§ Exercise: Give back all of the data exactly as it stands, with the pictures removed.

§ Raw data:

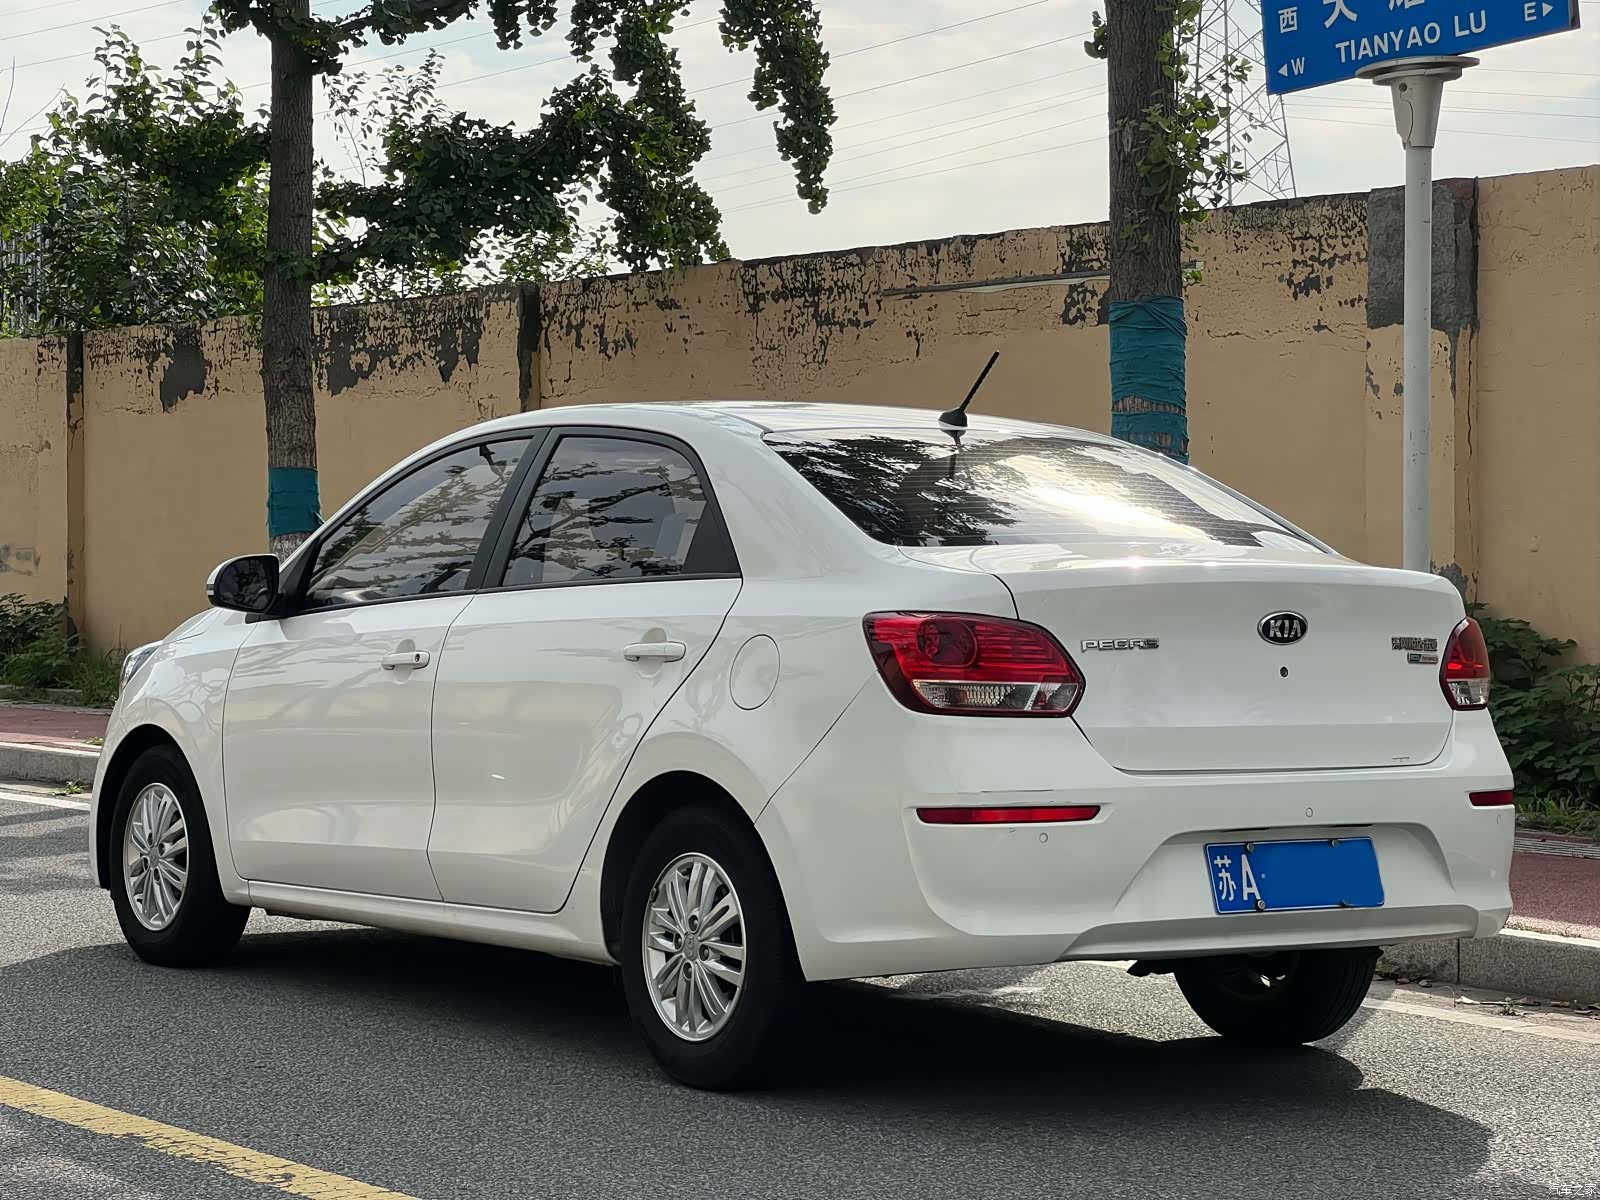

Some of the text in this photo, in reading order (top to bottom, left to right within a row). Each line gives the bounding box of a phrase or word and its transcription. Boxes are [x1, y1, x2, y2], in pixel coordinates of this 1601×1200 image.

[1278, 6, 1298, 34] 西
[1523, 1, 1537, 21] E
[1335, 9, 1487, 63] TIANYAO LU
[1290, 56, 1305, 76] W
[1269, 619, 1302, 638] KIA
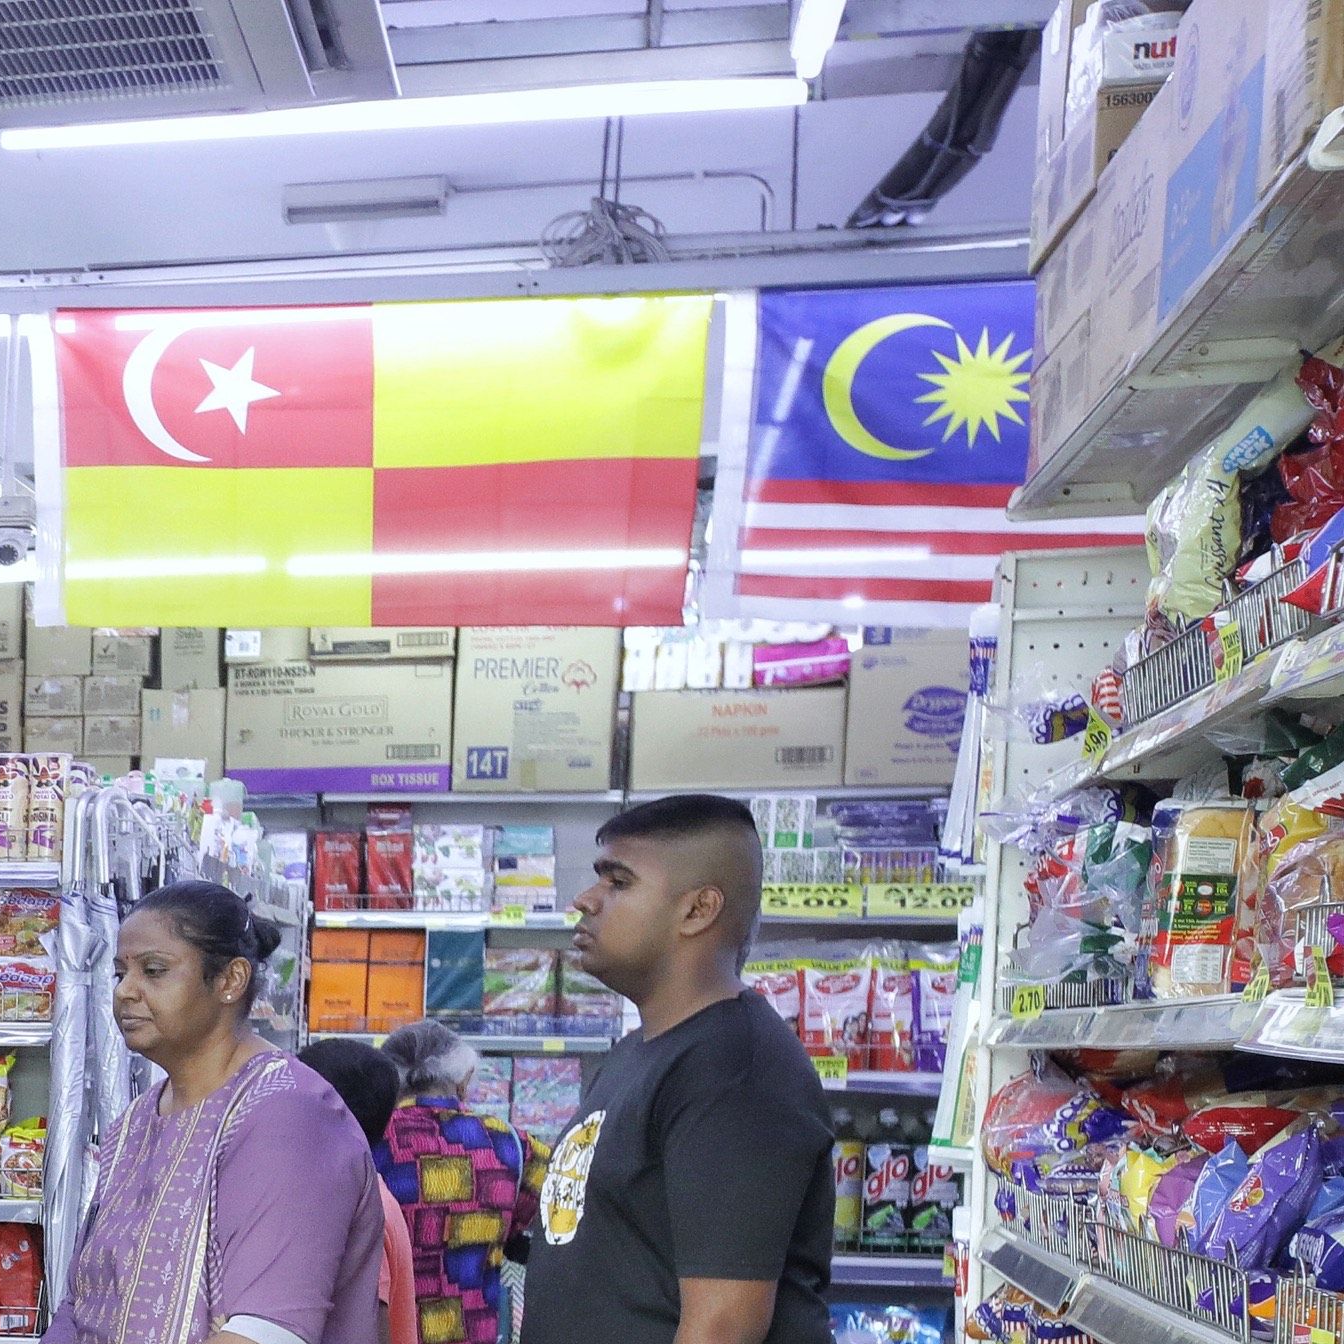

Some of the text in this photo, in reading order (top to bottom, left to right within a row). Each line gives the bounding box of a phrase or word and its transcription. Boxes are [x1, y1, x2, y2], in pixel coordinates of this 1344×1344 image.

[473, 656, 560, 680] PREMIER
[712, 702, 768, 717] NAPKIN
[468, 750, 508, 777] 14T
[371, 772, 440, 785] BOX TISSUE
[866, 1157, 909, 1201] glo

§ Solution to the problem:
Some of the text in this photo, in reading order (top to bottom, left to right within a row). Each line gives the bounding box of a phrase or word and its transcription. Boxes are [x1, y1, x2, y2], in pixel coordinates of this 1601×1200 image.

[1278, 6, 1298, 34] 西
[1523, 1, 1537, 21] E
[1335, 9, 1487, 63] TIANYAO LU
[1290, 56, 1305, 76] W
[1269, 619, 1302, 638] KIA

Some of the text in this photo, in reading order (top to bottom, left to right within a row). Each line gives the bounding box of a phrase or word and its transcription. Boxes are [x1, y1, x2, y2], in pixel coordinates of this 1344×1344 image.

[473, 656, 560, 680] PREMIER
[712, 702, 768, 717] NAPKIN
[468, 750, 508, 777] 14T
[371, 772, 440, 785] BOX TISSUE
[866, 1157, 909, 1201] glo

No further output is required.